What you will do — Omitting the pictures, print every line below exactly as it stands.

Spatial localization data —
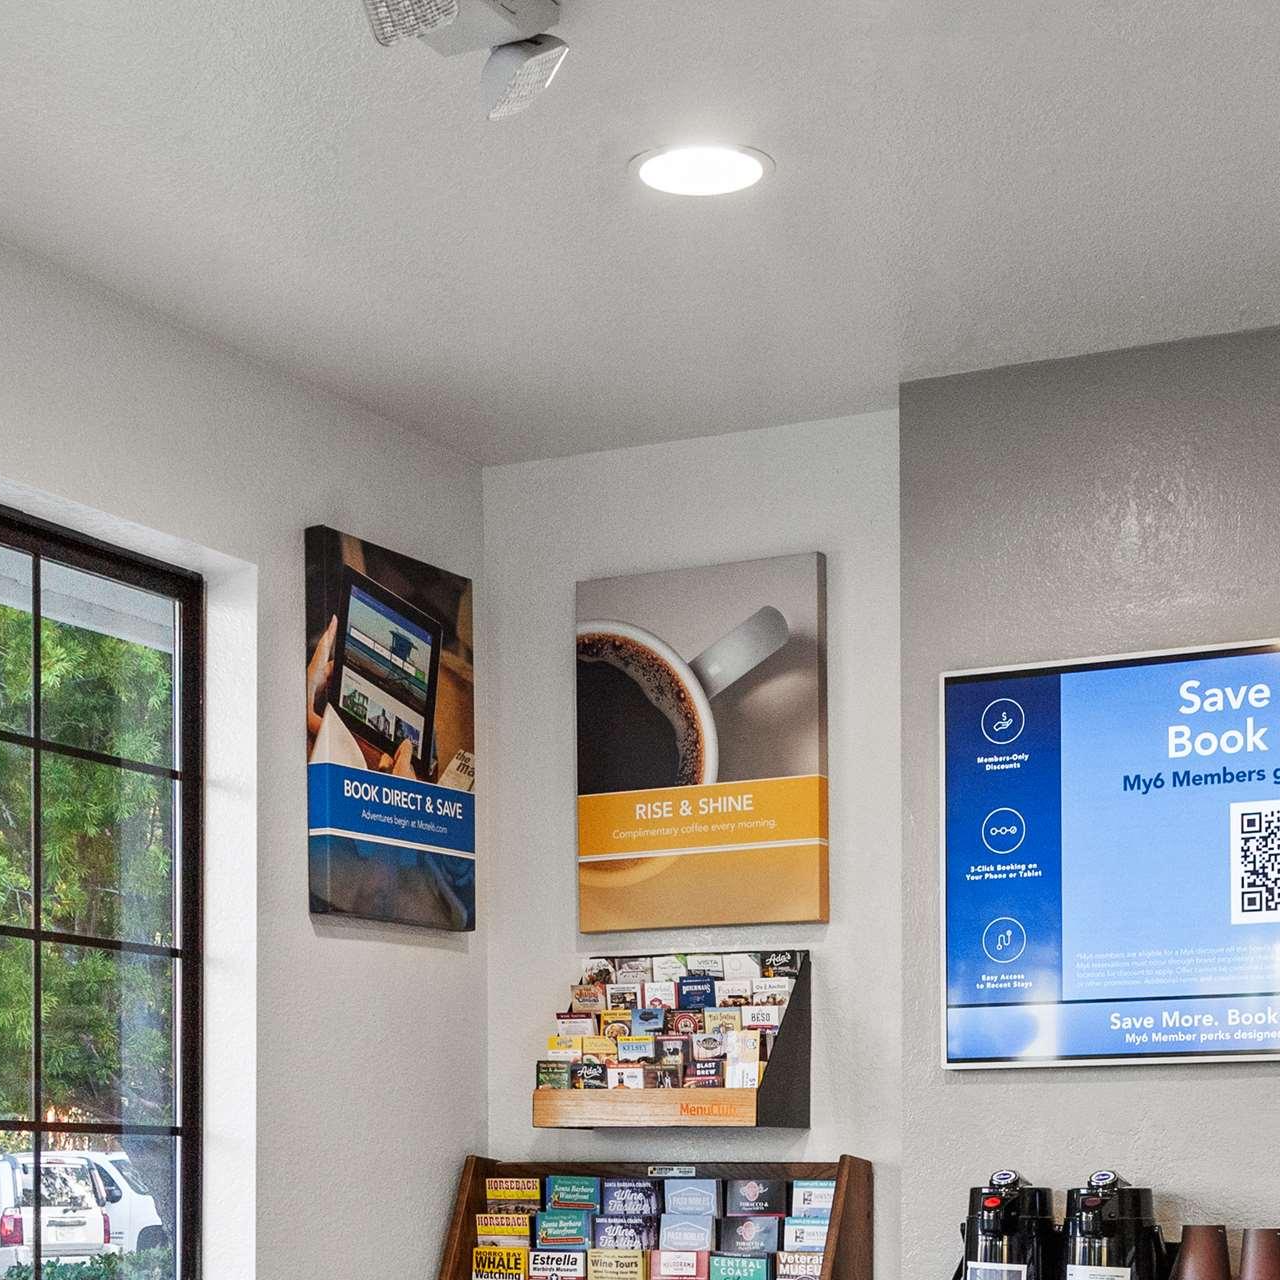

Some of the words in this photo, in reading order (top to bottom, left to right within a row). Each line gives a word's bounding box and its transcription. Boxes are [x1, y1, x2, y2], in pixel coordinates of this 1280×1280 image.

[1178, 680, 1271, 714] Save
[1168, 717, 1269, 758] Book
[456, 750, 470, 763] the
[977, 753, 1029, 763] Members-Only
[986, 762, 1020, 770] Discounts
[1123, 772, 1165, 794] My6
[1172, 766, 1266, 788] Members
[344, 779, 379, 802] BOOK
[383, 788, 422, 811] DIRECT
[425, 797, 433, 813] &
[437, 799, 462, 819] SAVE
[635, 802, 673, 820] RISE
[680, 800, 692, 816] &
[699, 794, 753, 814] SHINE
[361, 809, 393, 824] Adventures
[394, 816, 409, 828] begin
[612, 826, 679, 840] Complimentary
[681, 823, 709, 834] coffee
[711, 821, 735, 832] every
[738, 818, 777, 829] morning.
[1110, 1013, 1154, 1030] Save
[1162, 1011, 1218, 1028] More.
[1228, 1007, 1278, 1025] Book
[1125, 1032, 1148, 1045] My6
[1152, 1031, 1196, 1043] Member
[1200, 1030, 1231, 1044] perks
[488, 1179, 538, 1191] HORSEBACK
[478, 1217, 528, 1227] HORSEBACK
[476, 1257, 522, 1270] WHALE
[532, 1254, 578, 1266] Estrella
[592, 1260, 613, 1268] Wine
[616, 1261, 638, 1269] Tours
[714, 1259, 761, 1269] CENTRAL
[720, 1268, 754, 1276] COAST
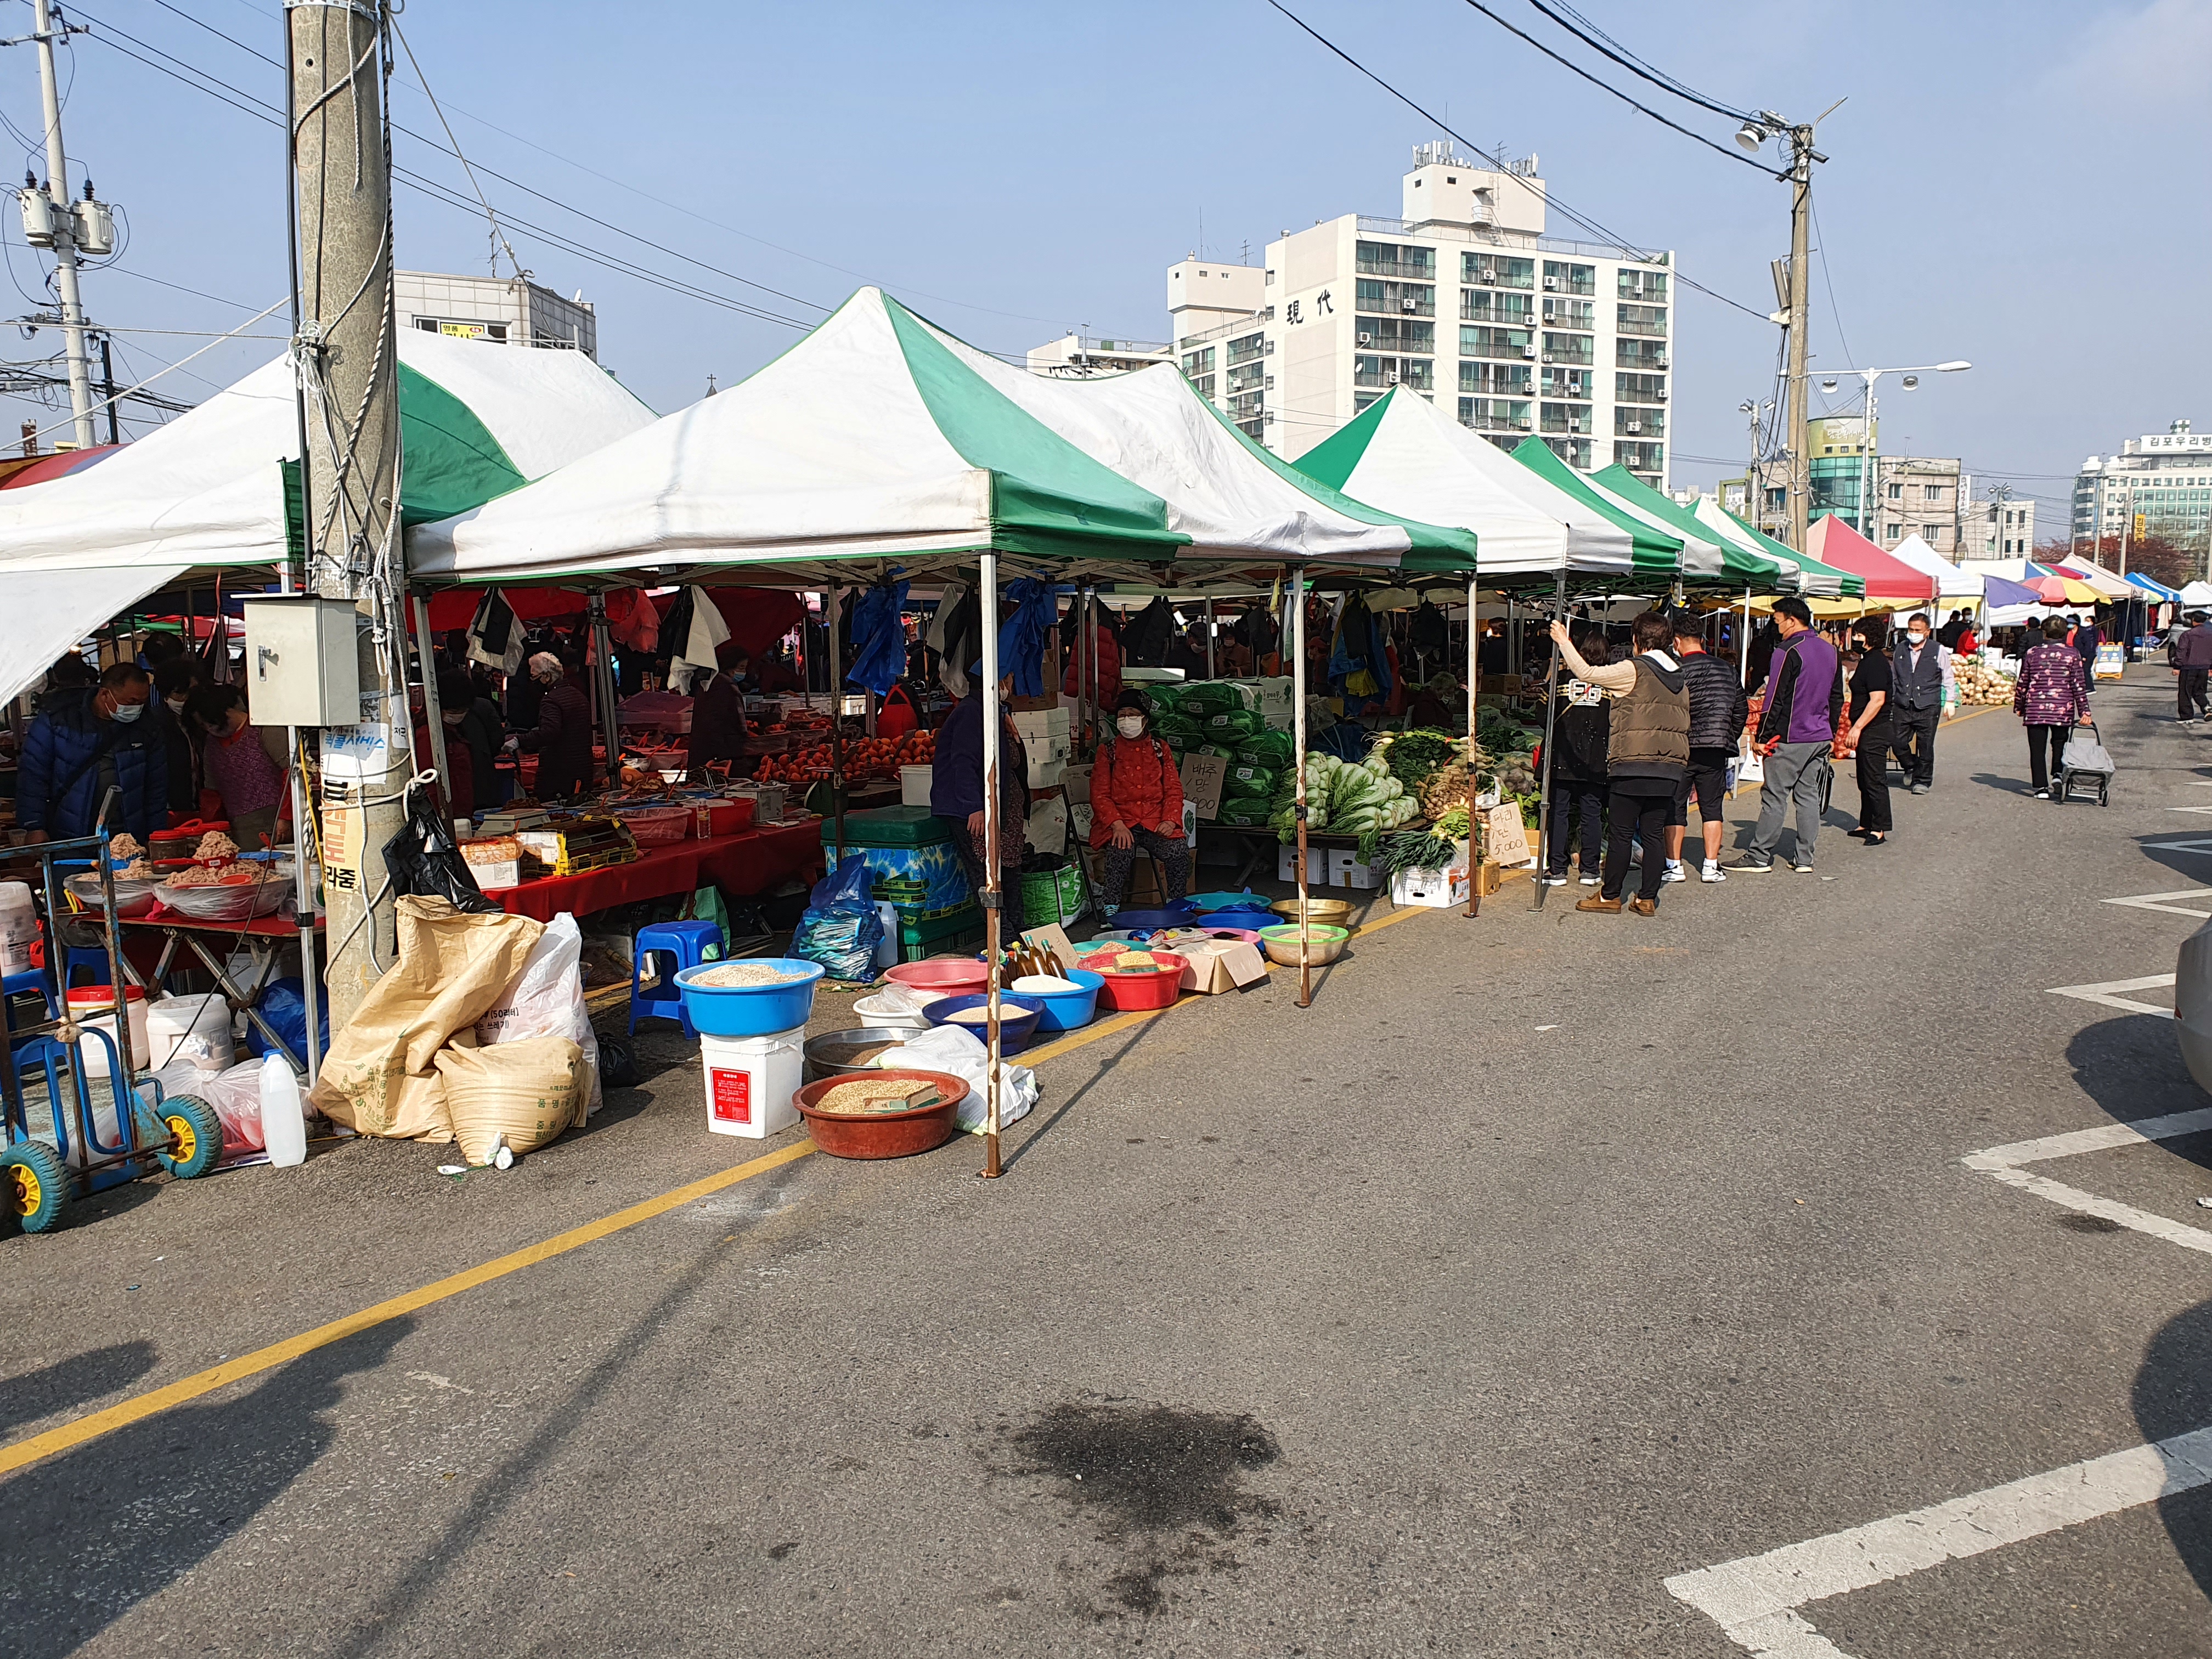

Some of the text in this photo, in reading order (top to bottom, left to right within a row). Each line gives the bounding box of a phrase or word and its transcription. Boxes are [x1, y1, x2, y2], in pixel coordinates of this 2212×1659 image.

Solution to the problem —
Some of the words in this photo, in reading order (top to bottom, left to right within a row). Each line gives a word's bounding box and its transcription. Boxes are [x1, y1, x2, y2], in pixel coordinates of this 1280×1280 image.

[1178, 680, 1271, 714] Save
[1168, 717, 1269, 758] Book
[456, 750, 470, 763] the
[977, 753, 1029, 763] Members-Only
[986, 762, 1020, 770] Discounts
[1123, 772, 1165, 794] My6
[1172, 766, 1266, 788] Members
[344, 779, 379, 802] BOOK
[383, 788, 422, 811] DIRECT
[425, 797, 433, 813] &
[437, 799, 462, 819] SAVE
[635, 802, 673, 820] RISE
[680, 800, 692, 816] &
[699, 794, 753, 814] SHINE
[361, 809, 393, 824] Adventures
[394, 816, 409, 828] begin
[612, 826, 679, 840] Complimentary
[681, 823, 709, 834] coffee
[711, 821, 735, 832] every
[738, 818, 777, 829] morning.
[1110, 1013, 1154, 1030] Save
[1162, 1011, 1218, 1028] More.
[1228, 1007, 1278, 1025] Book
[1125, 1032, 1148, 1045] My6
[1152, 1031, 1196, 1043] Member
[1200, 1030, 1231, 1044] perks
[488, 1179, 538, 1191] HORSEBACK
[478, 1217, 528, 1227] HORSEBACK
[476, 1257, 522, 1270] WHALE
[532, 1254, 578, 1266] Estrella
[592, 1260, 613, 1268] Wine
[616, 1261, 638, 1269] Tours
[714, 1259, 761, 1269] CENTRAL
[720, 1268, 754, 1276] COAST

Some of the text in this photo, in reading order (top to bottom, left to right within a row). Each line gives the bounding box of a phrase or word and its transcription. Boxes are [x1, y1, x2, y2], in pixel coordinates of this 2212×1659 image.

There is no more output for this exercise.